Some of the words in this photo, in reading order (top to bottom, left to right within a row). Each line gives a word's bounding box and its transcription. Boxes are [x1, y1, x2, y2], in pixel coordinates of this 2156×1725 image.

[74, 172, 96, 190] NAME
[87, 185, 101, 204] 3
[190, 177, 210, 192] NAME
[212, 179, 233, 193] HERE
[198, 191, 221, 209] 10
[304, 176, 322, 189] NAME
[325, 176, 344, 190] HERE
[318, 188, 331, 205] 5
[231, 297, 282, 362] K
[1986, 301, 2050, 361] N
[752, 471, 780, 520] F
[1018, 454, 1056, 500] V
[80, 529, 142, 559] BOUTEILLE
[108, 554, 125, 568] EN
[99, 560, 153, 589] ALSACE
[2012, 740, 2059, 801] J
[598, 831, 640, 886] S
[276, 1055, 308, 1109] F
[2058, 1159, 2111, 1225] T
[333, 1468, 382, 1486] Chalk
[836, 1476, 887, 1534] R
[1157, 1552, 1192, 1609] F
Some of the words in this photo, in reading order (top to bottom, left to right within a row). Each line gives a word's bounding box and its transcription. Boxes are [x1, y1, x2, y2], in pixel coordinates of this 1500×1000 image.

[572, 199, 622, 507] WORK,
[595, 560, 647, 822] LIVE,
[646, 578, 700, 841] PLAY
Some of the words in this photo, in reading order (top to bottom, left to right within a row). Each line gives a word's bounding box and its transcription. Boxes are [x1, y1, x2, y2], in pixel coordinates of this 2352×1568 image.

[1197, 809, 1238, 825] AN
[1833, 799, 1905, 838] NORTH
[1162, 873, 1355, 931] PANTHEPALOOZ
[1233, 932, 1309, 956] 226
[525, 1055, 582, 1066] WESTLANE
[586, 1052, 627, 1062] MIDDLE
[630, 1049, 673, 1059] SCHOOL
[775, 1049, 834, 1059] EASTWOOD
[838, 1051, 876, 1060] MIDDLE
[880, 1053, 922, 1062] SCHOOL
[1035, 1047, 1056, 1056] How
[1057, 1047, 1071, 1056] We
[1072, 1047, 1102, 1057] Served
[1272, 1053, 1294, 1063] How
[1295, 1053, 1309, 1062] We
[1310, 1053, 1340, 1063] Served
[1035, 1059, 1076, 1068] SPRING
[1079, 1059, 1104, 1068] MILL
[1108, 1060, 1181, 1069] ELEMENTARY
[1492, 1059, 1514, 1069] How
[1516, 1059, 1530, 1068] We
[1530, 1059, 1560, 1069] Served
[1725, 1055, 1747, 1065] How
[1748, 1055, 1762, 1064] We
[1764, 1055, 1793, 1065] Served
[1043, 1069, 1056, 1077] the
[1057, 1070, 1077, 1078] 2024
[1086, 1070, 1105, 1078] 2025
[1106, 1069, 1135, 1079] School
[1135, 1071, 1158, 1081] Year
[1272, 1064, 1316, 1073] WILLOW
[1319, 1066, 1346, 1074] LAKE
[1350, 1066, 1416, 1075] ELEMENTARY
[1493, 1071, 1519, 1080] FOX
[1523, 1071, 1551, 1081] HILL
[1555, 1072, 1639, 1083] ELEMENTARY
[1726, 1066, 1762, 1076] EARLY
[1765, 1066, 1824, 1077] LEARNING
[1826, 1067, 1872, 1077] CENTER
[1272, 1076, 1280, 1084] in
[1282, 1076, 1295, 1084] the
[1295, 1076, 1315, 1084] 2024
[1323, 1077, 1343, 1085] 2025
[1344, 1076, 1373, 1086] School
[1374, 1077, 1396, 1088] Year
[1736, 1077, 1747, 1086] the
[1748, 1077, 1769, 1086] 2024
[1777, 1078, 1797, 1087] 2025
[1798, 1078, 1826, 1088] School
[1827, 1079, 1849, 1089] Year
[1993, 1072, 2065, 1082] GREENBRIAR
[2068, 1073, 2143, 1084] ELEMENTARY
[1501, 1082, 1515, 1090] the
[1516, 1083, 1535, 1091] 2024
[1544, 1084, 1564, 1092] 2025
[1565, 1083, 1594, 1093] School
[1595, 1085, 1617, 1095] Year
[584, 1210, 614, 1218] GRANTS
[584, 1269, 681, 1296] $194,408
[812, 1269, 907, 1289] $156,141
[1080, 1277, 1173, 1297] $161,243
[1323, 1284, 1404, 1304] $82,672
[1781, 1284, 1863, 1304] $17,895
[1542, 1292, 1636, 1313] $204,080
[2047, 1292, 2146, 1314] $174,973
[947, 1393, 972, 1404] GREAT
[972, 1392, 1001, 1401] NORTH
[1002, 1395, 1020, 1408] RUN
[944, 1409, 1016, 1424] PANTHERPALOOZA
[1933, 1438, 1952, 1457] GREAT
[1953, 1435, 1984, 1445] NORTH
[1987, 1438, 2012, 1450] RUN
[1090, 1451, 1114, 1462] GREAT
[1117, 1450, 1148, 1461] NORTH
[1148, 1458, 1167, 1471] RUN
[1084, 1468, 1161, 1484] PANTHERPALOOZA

ASSIGNMENT
Print all of the records, leaving each one exactly as it appears above.

SOLUTION TO THIS TASK
Some of the words in this photo, in reading order (top to bottom, left to right within a row). Each line gives a word's bounding box and its transcription. Boxes are [x1, y1, x2, y2], in pixel coordinates of this 2156×1725 image.

[74, 172, 96, 190] NAME
[87, 185, 101, 204] 3
[190, 177, 210, 192] NAME
[212, 179, 233, 193] HERE
[198, 191, 221, 209] 10
[304, 176, 322, 189] NAME
[325, 176, 344, 190] HERE
[318, 188, 331, 205] 5
[231, 297, 282, 362] K
[1986, 301, 2050, 361] N
[752, 471, 780, 520] F
[1018, 454, 1056, 500] V
[80, 529, 142, 559] BOUTEILLE
[108, 554, 125, 568] EN
[99, 560, 153, 589] ALSACE
[2012, 740, 2059, 801] J
[598, 831, 640, 886] S
[276, 1055, 308, 1109] F
[2058, 1159, 2111, 1225] T
[333, 1468, 382, 1486] Chalk
[836, 1476, 887, 1534] R
[1157, 1552, 1192, 1609] F
Some of the words in this photo, in reading order (top to bottom, left to right within a row). Each line gives a word's bounding box and its transcription. Boxes are [x1, y1, x2, y2], in pixel coordinates of this 1500×1000 image.

[572, 199, 622, 507] WORK,
[595, 560, 647, 822] LIVE,
[646, 578, 700, 841] PLAY
Some of the words in this photo, in reading order (top to bottom, left to right within a row). Each line gives a word's bounding box and its transcription. Boxes are [x1, y1, x2, y2], in pixel coordinates of this 2352×1568 image.

[1197, 809, 1238, 825] AN
[1833, 799, 1905, 838] NORTH
[1162, 873, 1355, 931] PANTHEPALOOZ
[1233, 932, 1309, 956] 226
[525, 1055, 582, 1066] WESTLANE
[586, 1052, 627, 1062] MIDDLE
[630, 1049, 673, 1059] SCHOOL
[775, 1049, 834, 1059] EASTWOOD
[838, 1051, 876, 1060] MIDDLE
[880, 1053, 922, 1062] SCHOOL
[1035, 1047, 1056, 1056] How
[1057, 1047, 1071, 1056] We
[1072, 1047, 1102, 1057] Served
[1272, 1053, 1294, 1063] How
[1295, 1053, 1309, 1062] We
[1310, 1053, 1340, 1063] Served
[1035, 1059, 1076, 1068] SPRING
[1079, 1059, 1104, 1068] MILL
[1108, 1060, 1181, 1069] ELEMENTARY
[1492, 1059, 1514, 1069] How
[1516, 1059, 1530, 1068] We
[1530, 1059, 1560, 1069] Served
[1725, 1055, 1747, 1065] How
[1748, 1055, 1762, 1064] We
[1764, 1055, 1793, 1065] Served
[1043, 1069, 1056, 1077] the
[1057, 1070, 1077, 1078] 2024
[1086, 1070, 1105, 1078] 2025
[1106, 1069, 1135, 1079] School
[1135, 1071, 1158, 1081] Year
[1272, 1064, 1316, 1073] WILLOW
[1319, 1066, 1346, 1074] LAKE
[1350, 1066, 1416, 1075] ELEMENTARY
[1493, 1071, 1519, 1080] FOX
[1523, 1071, 1551, 1081] HILL
[1555, 1072, 1639, 1083] ELEMENTARY
[1726, 1066, 1762, 1076] EARLY
[1765, 1066, 1824, 1077] LEARNING
[1826, 1067, 1872, 1077] CENTER
[1272, 1076, 1280, 1084] in
[1282, 1076, 1295, 1084] the
[1295, 1076, 1315, 1084] 2024
[1323, 1077, 1343, 1085] 2025
[1344, 1076, 1373, 1086] School
[1374, 1077, 1396, 1088] Year
[1736, 1077, 1747, 1086] the
[1748, 1077, 1769, 1086] 2024
[1777, 1078, 1797, 1087] 2025
[1798, 1078, 1826, 1088] School
[1827, 1079, 1849, 1089] Year
[1993, 1072, 2065, 1082] GREENBRIAR
[2068, 1073, 2143, 1084] ELEMENTARY
[1501, 1082, 1515, 1090] the
[1516, 1083, 1535, 1091] 2024
[1544, 1084, 1564, 1092] 2025
[1565, 1083, 1594, 1093] School
[1595, 1085, 1617, 1095] Year
[584, 1210, 614, 1218] GRANTS
[584, 1269, 681, 1296] $194,408
[812, 1269, 907, 1289] $156,141
[1080, 1277, 1173, 1297] $161,243
[1323, 1284, 1404, 1304] $82,672
[1781, 1284, 1863, 1304] $17,895
[1542, 1292, 1636, 1313] $204,080
[2047, 1292, 2146, 1314] $174,973
[947, 1393, 972, 1404] GREAT
[972, 1392, 1001, 1401] NORTH
[1002, 1395, 1020, 1408] RUN
[944, 1409, 1016, 1424] PANTHERPALOOZA
[1933, 1438, 1952, 1457] GREAT
[1953, 1435, 1984, 1445] NORTH
[1987, 1438, 2012, 1450] RUN
[1090, 1451, 1114, 1462] GREAT
[1117, 1450, 1148, 1461] NORTH
[1148, 1458, 1167, 1471] RUN
[1084, 1468, 1161, 1484] PANTHERPALOOZA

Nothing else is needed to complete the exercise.